- WHAT THE TASK REQUIRES -
Your job is to print the listing exactly.

- DATASET RECORDS -
▬▬▬▬▬▬▬▬▬▬

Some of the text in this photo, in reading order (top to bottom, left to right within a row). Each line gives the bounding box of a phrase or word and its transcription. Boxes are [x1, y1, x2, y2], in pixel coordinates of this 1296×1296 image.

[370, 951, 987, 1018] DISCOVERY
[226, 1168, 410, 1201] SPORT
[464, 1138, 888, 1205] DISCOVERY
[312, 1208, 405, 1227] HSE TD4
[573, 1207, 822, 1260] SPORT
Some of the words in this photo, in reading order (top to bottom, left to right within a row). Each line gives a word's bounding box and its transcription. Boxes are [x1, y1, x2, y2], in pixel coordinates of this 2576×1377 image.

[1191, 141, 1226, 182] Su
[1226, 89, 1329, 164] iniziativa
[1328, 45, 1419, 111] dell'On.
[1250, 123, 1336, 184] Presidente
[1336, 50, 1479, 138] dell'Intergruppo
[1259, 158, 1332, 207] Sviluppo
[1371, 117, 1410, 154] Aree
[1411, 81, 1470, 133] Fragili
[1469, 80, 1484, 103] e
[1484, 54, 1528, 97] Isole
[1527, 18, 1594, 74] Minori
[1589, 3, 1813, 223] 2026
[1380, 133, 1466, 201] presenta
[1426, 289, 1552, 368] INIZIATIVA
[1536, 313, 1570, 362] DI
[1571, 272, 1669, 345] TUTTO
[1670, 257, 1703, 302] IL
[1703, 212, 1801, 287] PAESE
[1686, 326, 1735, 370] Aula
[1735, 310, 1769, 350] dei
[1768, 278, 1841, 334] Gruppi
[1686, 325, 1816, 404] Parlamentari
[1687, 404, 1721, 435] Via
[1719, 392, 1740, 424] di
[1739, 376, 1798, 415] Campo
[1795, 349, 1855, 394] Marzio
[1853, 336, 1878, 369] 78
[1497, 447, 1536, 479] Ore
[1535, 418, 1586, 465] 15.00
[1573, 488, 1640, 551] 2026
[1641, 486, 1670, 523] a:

▬▬▬▬▬▬▬▬▬▬

- WRITTEN RESPONSE -
Some of the text in this photo, in reading order (top to bottom, left to right within a row). Each line gives the bounding box of a phrase or word and its transcription. Boxes are [x1, y1, x2, y2], in pixel coordinates of this 1296×1296 image.

[370, 951, 987, 1018] DISCOVERY
[226, 1168, 410, 1201] SPORT
[464, 1138, 888, 1205] DISCOVERY
[312, 1208, 405, 1227] HSE TD4
[573, 1207, 822, 1260] SPORT
Some of the words in this photo, in reading order (top to bottom, left to right within a row). Each line gives a word's bounding box and its transcription. Boxes are [x1, y1, x2, y2], in pixel coordinates of this 2576×1377 image.

[1191, 141, 1226, 182] Su
[1226, 89, 1329, 164] iniziativa
[1328, 45, 1419, 111] dell'On.
[1250, 123, 1336, 184] Presidente
[1336, 50, 1479, 138] dell'Intergruppo
[1259, 158, 1332, 207] Sviluppo
[1371, 117, 1410, 154] Aree
[1411, 81, 1470, 133] Fragili
[1469, 80, 1484, 103] e
[1484, 54, 1528, 97] Isole
[1527, 18, 1594, 74] Minori
[1589, 3, 1813, 223] 2026
[1380, 133, 1466, 201] presenta
[1426, 289, 1552, 368] INIZIATIVA
[1536, 313, 1570, 362] DI
[1571, 272, 1669, 345] TUTTO
[1670, 257, 1703, 302] IL
[1703, 212, 1801, 287] PAESE
[1686, 326, 1735, 370] Aula
[1735, 310, 1769, 350] dei
[1768, 278, 1841, 334] Gruppi
[1686, 325, 1816, 404] Parlamentari
[1687, 404, 1721, 435] Via
[1719, 392, 1740, 424] di
[1739, 376, 1798, 415] Campo
[1795, 349, 1855, 394] Marzio
[1853, 336, 1878, 369] 78
[1497, 447, 1536, 479] Ore
[1535, 418, 1586, 465] 15.00
[1573, 488, 1640, 551] 2026
[1641, 486, 1670, 523] a:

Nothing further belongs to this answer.